-- Opening Marker --

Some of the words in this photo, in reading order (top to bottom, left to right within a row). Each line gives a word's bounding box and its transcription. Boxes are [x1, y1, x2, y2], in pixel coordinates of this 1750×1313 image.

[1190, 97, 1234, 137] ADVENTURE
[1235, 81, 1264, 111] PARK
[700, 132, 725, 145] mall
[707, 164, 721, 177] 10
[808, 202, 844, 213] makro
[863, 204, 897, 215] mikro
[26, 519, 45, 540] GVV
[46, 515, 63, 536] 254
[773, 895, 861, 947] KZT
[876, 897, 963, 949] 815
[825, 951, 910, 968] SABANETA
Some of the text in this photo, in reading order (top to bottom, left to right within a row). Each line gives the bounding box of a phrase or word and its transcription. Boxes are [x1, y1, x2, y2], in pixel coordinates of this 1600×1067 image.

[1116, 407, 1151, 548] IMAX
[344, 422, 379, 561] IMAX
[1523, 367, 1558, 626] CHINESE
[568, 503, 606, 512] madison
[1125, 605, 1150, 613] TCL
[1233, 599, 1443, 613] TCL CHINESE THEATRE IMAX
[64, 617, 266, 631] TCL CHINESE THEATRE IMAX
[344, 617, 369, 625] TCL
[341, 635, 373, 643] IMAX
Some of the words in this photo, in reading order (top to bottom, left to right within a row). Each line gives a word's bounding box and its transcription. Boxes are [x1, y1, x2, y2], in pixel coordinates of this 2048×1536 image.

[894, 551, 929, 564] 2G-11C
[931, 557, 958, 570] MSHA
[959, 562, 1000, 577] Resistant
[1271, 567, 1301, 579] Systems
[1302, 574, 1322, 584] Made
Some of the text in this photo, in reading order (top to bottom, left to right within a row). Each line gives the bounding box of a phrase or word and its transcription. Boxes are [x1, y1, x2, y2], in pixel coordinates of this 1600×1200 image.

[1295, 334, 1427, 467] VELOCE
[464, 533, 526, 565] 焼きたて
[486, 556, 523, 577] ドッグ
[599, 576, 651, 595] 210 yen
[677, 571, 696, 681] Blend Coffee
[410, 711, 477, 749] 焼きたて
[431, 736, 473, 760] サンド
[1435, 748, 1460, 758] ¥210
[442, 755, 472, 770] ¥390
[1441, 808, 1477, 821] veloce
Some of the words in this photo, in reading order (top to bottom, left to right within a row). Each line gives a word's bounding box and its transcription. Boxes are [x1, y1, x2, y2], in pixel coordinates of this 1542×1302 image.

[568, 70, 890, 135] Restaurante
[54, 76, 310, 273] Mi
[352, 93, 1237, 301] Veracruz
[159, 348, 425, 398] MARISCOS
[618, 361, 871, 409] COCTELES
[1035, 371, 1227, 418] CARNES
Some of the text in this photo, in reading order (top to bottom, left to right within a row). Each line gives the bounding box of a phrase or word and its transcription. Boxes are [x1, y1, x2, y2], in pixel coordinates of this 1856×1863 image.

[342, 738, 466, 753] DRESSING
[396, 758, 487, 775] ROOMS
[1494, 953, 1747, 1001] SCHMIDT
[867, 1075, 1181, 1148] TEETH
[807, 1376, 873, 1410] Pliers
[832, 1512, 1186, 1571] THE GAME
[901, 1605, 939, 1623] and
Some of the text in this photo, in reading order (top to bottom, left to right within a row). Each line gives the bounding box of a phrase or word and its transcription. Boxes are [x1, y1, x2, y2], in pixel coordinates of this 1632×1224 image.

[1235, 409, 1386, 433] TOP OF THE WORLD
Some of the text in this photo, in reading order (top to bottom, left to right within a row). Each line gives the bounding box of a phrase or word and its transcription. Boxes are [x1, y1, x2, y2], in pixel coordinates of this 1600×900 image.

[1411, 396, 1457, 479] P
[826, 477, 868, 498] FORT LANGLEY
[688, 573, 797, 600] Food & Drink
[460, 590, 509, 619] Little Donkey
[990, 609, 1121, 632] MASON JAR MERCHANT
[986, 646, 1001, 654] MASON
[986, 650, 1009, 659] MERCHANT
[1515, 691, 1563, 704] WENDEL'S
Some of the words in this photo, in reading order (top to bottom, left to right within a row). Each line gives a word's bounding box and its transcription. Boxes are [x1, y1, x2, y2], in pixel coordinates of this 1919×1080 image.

-- Closing Marker --

**TRY IT**
What you return must match the data line for line.

**ANSWER SPACE**
Some of the words in this photo, in reading order (top to bottom, left to right within a row). Each line gives a word's bounding box and its transcription. Boxes are [x1, y1, x2, y2], in pixel coordinates of this 1750×1313 image.

[1190, 97, 1234, 137] ADVENTURE
[1235, 81, 1264, 111] PARK
[700, 132, 725, 145] mall
[707, 164, 721, 177] 10
[808, 202, 844, 213] makro
[863, 204, 897, 215] mikro
[26, 519, 45, 540] GVV
[46, 515, 63, 536] 254
[773, 895, 861, 947] KZT
[876, 897, 963, 949] 815
[825, 951, 910, 968] SABANETA
Some of the text in this photo, in reading order (top to bottom, left to right within a row). Each line gives the bounding box of a phrase or word and its transcription. Boxes are [x1, y1, x2, y2], in pixel coordinates of this 1600×1067 image.

[1116, 407, 1151, 548] IMAX
[344, 422, 379, 561] IMAX
[1523, 367, 1558, 626] CHINESE
[568, 503, 606, 512] madison
[1125, 605, 1150, 613] TCL
[1233, 599, 1443, 613] TCL CHINESE THEATRE IMAX
[64, 617, 266, 631] TCL CHINESE THEATRE IMAX
[344, 617, 369, 625] TCL
[341, 635, 373, 643] IMAX
Some of the words in this photo, in reading order (top to bottom, left to right within a row). Each line gives a word's bounding box and its transcription. Boxes are [x1, y1, x2, y2], in pixel coordinates of this 2048×1536 image.

[894, 551, 929, 564] 2G-11C
[931, 557, 958, 570] MSHA
[959, 562, 1000, 577] Resistant
[1271, 567, 1301, 579] Systems
[1302, 574, 1322, 584] Made
Some of the text in this photo, in reading order (top to bottom, left to right within a row). Each line gives the bounding box of a phrase or word and its transcription. Boxes are [x1, y1, x2, y2], in pixel coordinates of this 1600×1200 image.

[1295, 334, 1427, 467] VELOCE
[464, 533, 526, 565] 焼きたて
[486, 556, 523, 577] ドッグ
[599, 576, 651, 595] 210 yen
[677, 571, 696, 681] Blend Coffee
[410, 711, 477, 749] 焼きたて
[431, 736, 473, 760] サンド
[1435, 748, 1460, 758] ¥210
[442, 755, 472, 770] ¥390
[1441, 808, 1477, 821] veloce
Some of the words in this photo, in reading order (top to bottom, left to right within a row). Each line gives a word's bounding box and its transcription. Boxes are [x1, y1, x2, y2], in pixel coordinates of this 1542×1302 image.

[568, 70, 890, 135] Restaurante
[54, 76, 310, 273] Mi
[352, 93, 1237, 301] Veracruz
[159, 348, 425, 398] MARISCOS
[618, 361, 871, 409] COCTELES
[1035, 371, 1227, 418] CARNES
Some of the text in this photo, in reading order (top to bottom, left to right within a row). Each line gives the bounding box of a phrase or word and its transcription. Boxes are [x1, y1, x2, y2], in pixel coordinates of this 1856×1863 image.

[342, 738, 466, 753] DRESSING
[396, 758, 487, 775] ROOMS
[1494, 953, 1747, 1001] SCHMIDT
[867, 1075, 1181, 1148] TEETH
[807, 1376, 873, 1410] Pliers
[832, 1512, 1186, 1571] THE GAME
[901, 1605, 939, 1623] and
Some of the text in this photo, in reading order (top to bottom, left to right within a row). Each line gives the bounding box of a phrase or word and its transcription. Boxes are [x1, y1, x2, y2], in pixel coordinates of this 1632×1224 image.

[1235, 409, 1386, 433] TOP OF THE WORLD
Some of the text in this photo, in reading order (top to bottom, left to right within a row). Each line gives the bounding box of a phrase or word and its transcription. Boxes are [x1, y1, x2, y2], in pixel coordinates of this 1600×900 image.

[1411, 396, 1457, 479] P
[826, 477, 868, 498] FORT LANGLEY
[688, 573, 797, 600] Food & Drink
[460, 590, 509, 619] Little Donkey
[990, 609, 1121, 632] MASON JAR MERCHANT
[986, 646, 1001, 654] MASON
[986, 650, 1009, 659] MERCHANT
[1515, 691, 1563, 704] WENDEL'S
Some of the words in this photo, in reading order (top to bottom, left to right within a row). Each line gives a word's bounding box and its transcription. Boxes are [x1, y1, x2, y2], in pixel coordinates of this 1919×1080 image.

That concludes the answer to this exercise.